**Your objective:**
Go through the lines below and repeat each one exactly, skipping pictures.

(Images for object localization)
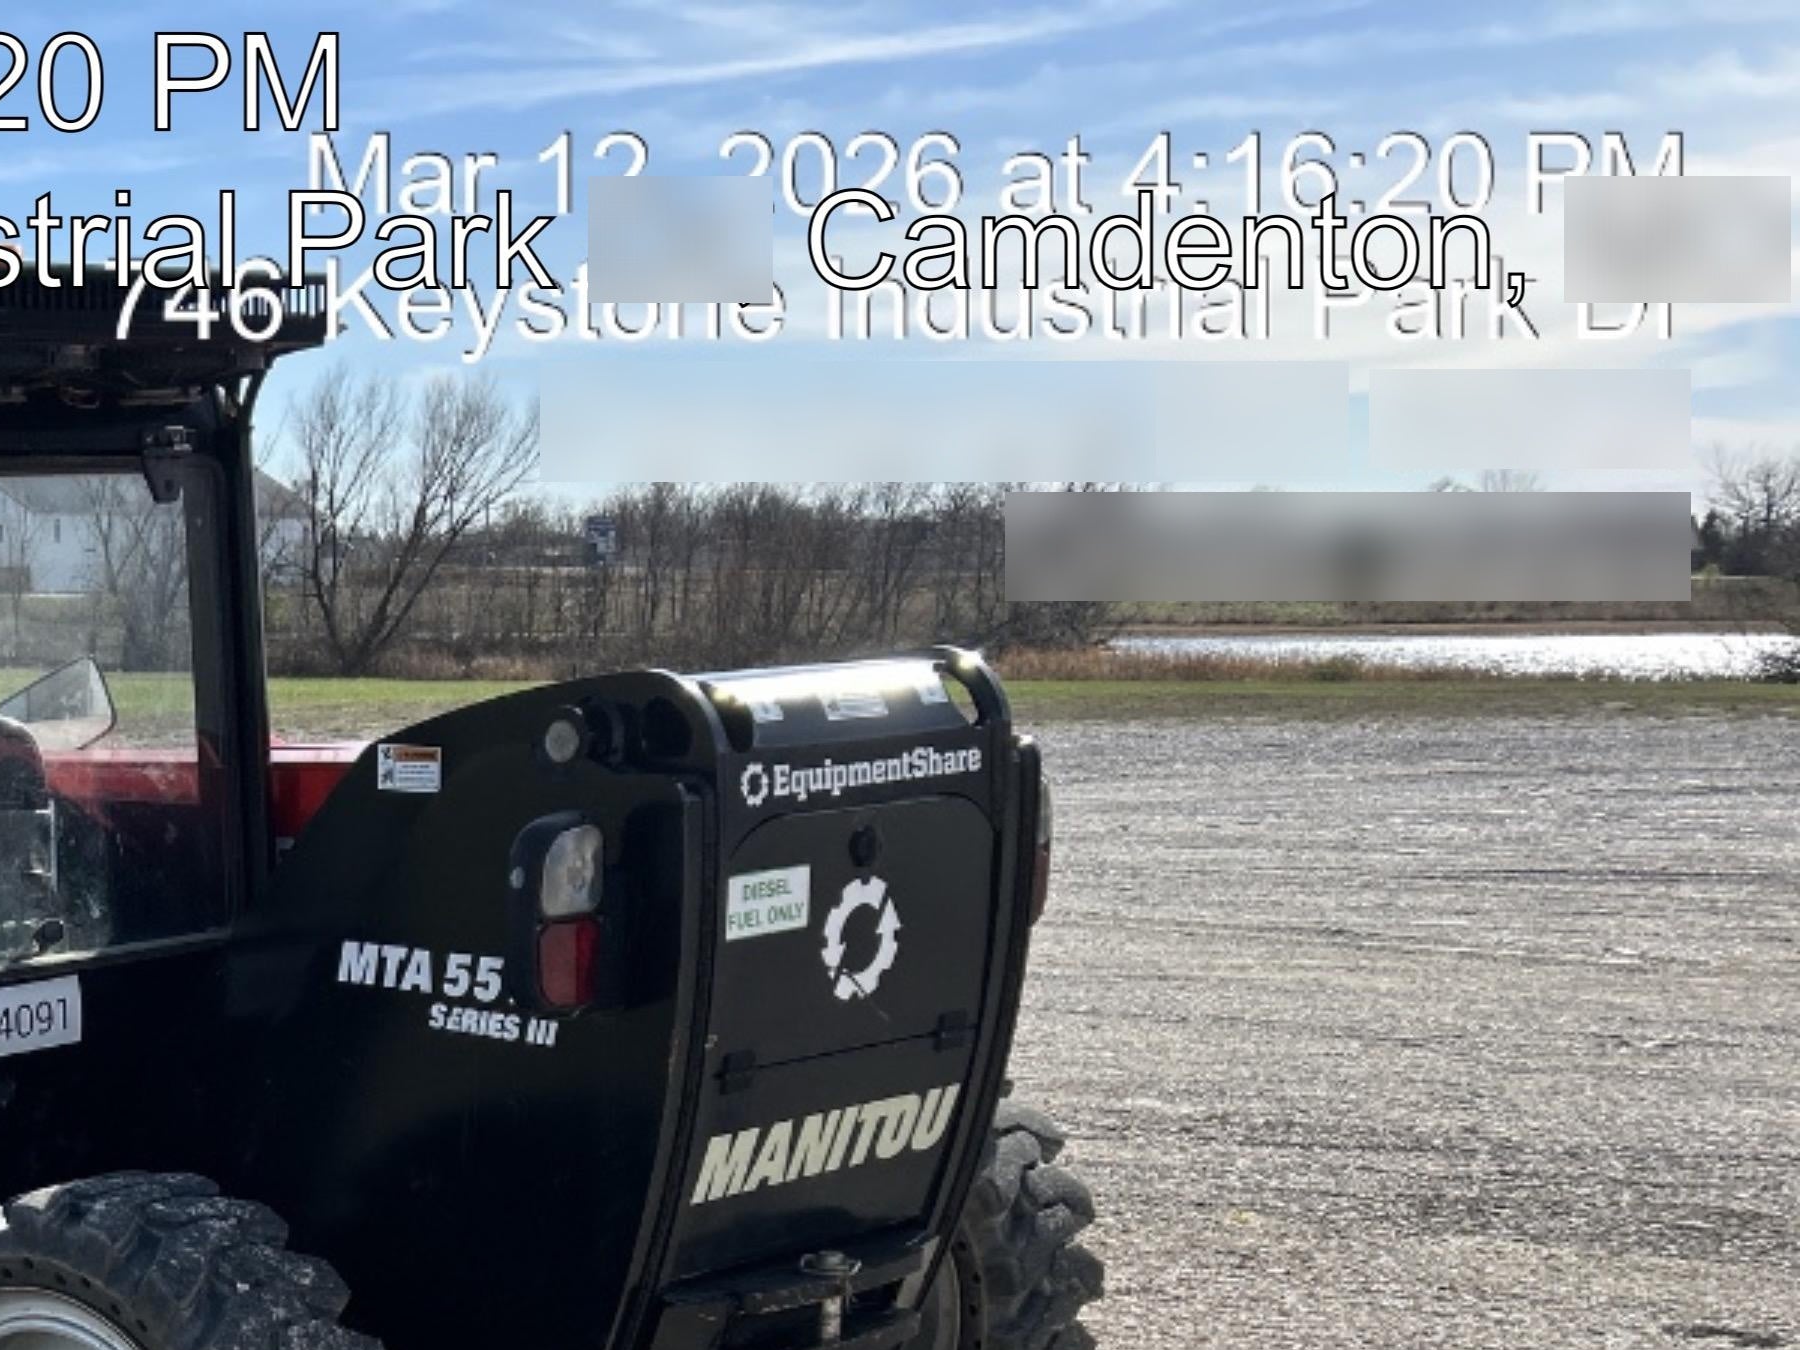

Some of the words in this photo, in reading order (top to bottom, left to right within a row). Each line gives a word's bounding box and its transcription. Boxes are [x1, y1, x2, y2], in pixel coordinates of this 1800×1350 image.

[773, 747, 983, 803] EquipmentShare
[743, 879, 793, 903] DIESEL
[728, 908, 762, 931] FUEL
[767, 901, 805, 925] ONLY
[337, 940, 433, 994] MTA
[443, 952, 506, 1003] 55
[428, 1001, 522, 1043] SERIES
[690, 1083, 962, 1207] MANITOU
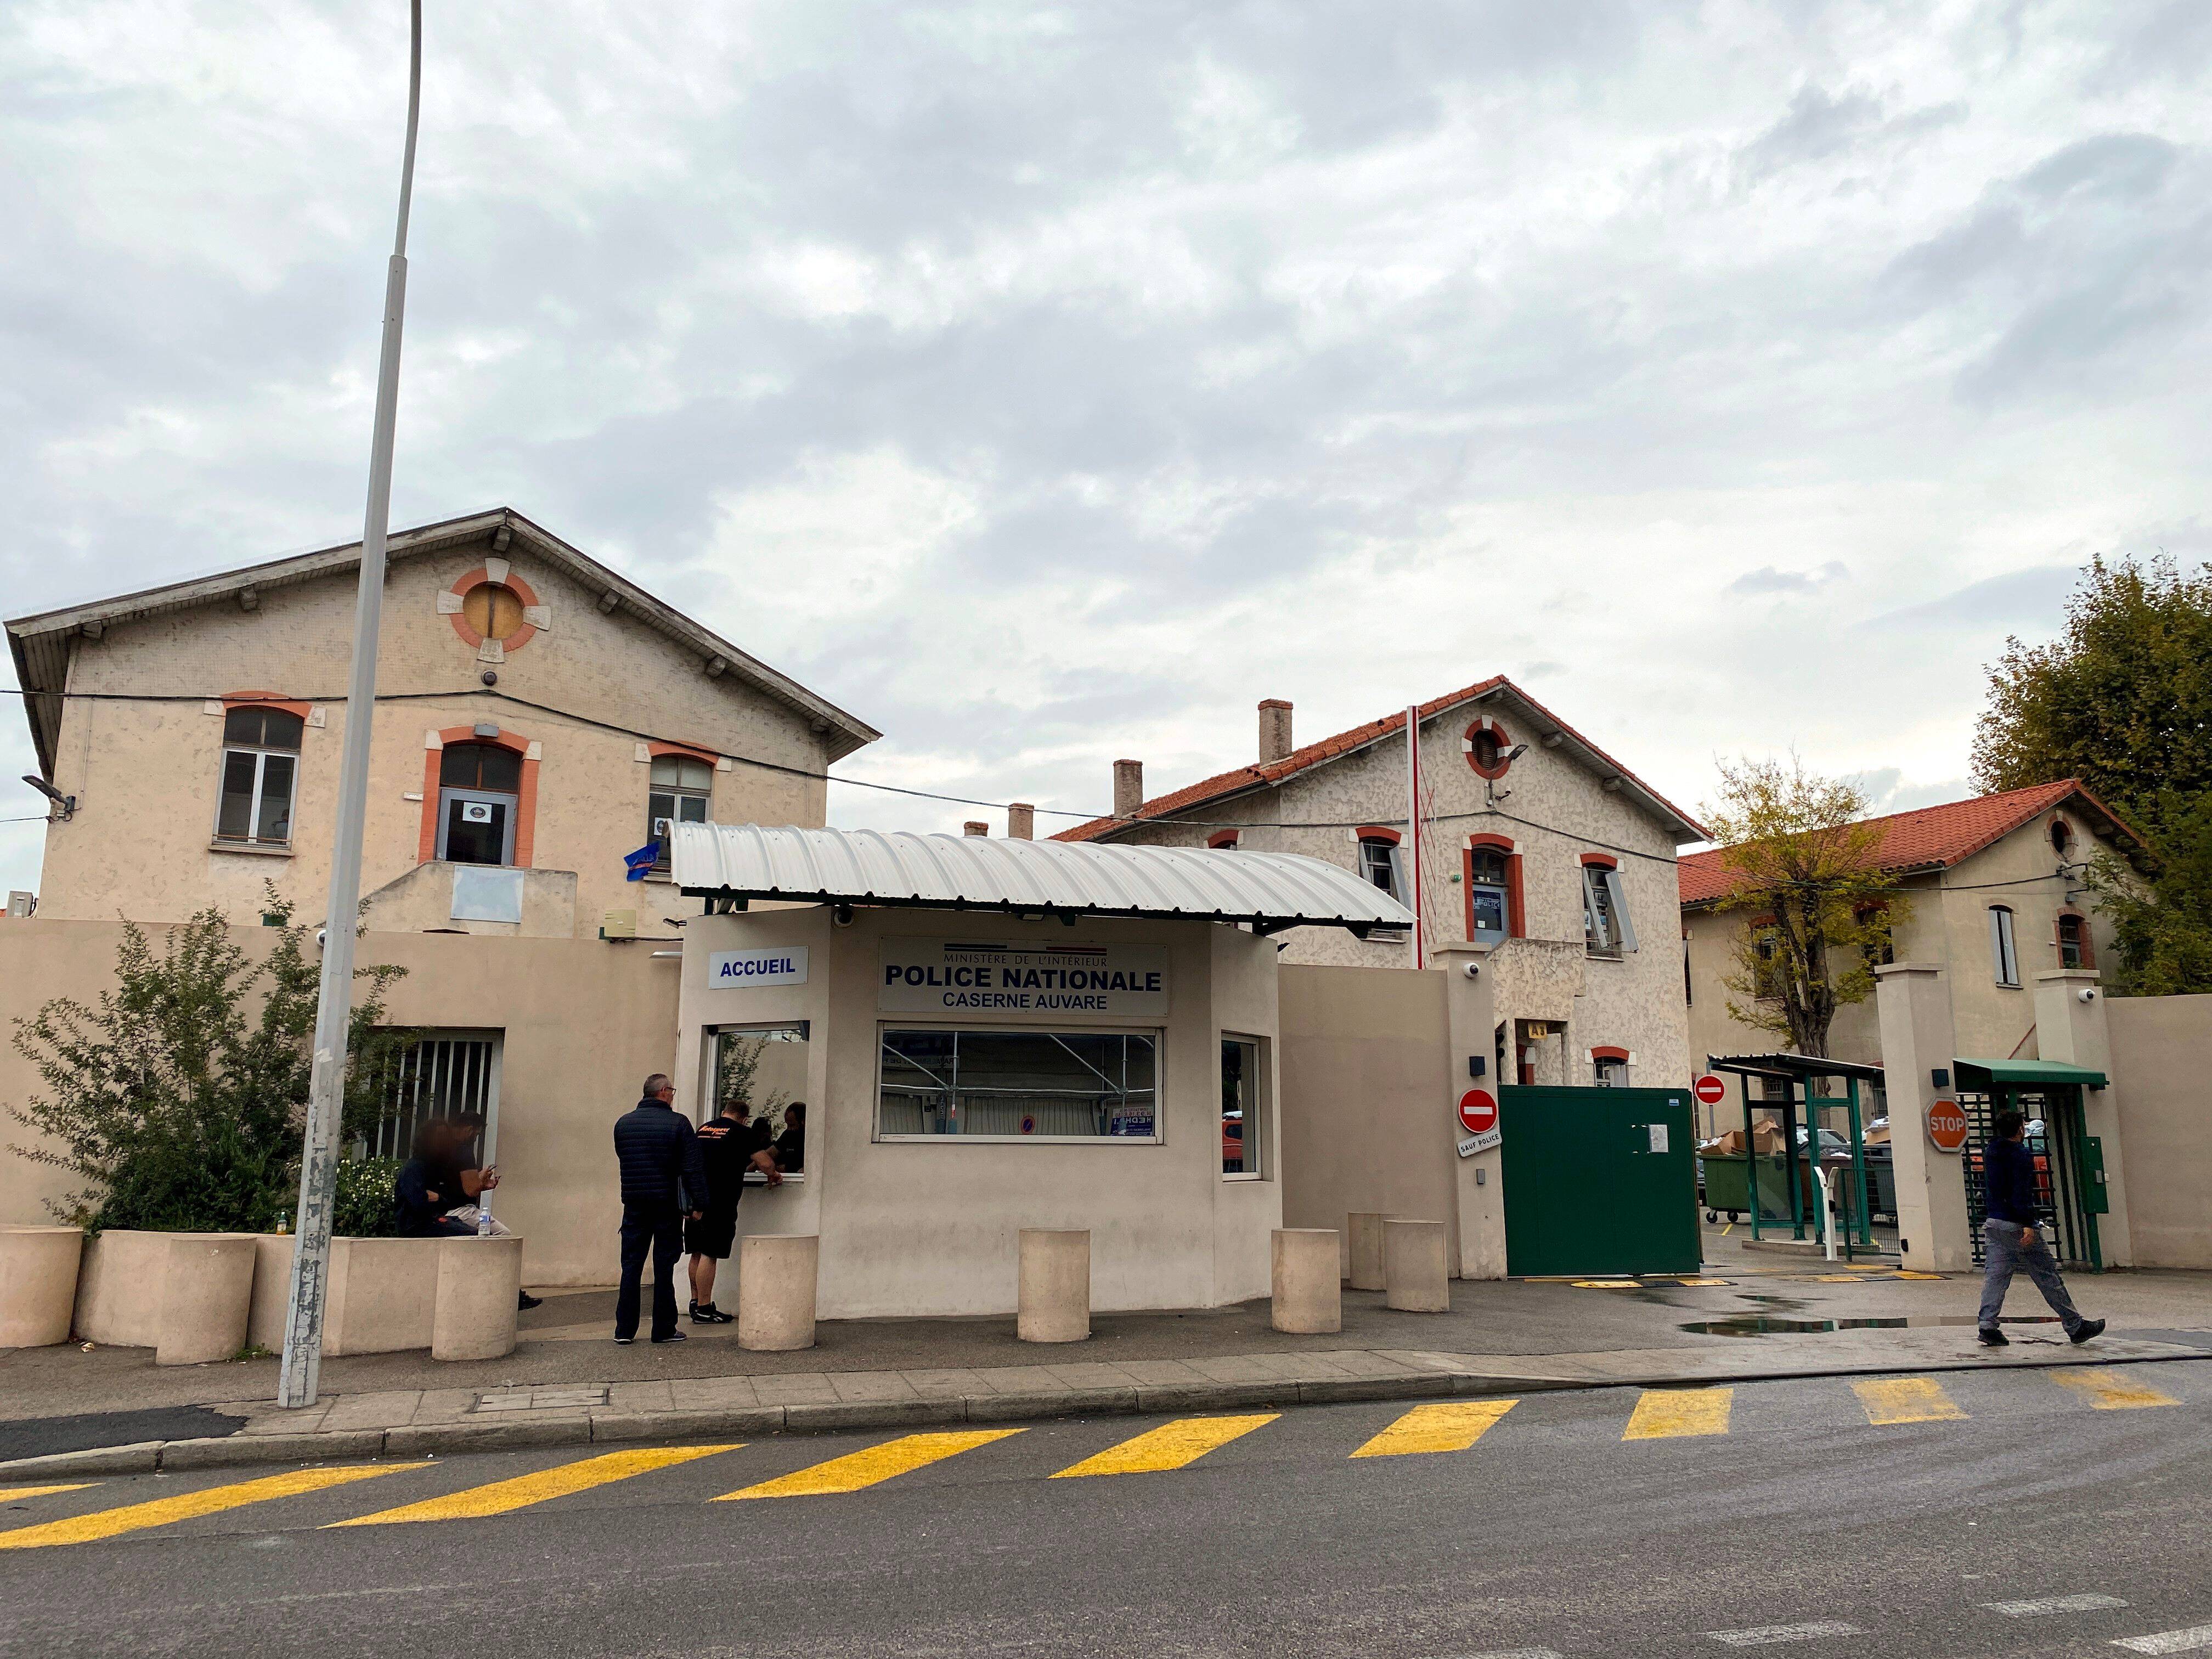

**Solution to this exercise:**
Some of the words in this photo, in reading order (top to bottom, left to right within a row). Each line gives a word's bounding box and its transcription. Boxes are [x1, y1, x2, y2], in pixel coordinates of this 1800×1350 image.

[773, 747, 983, 803] EquipmentShare
[743, 879, 793, 903] DIESEL
[728, 908, 762, 931] FUEL
[767, 901, 805, 925] ONLY
[337, 940, 433, 994] MTA
[443, 952, 506, 1003] 55
[428, 1001, 522, 1043] SERIES
[690, 1083, 962, 1207] MANITOU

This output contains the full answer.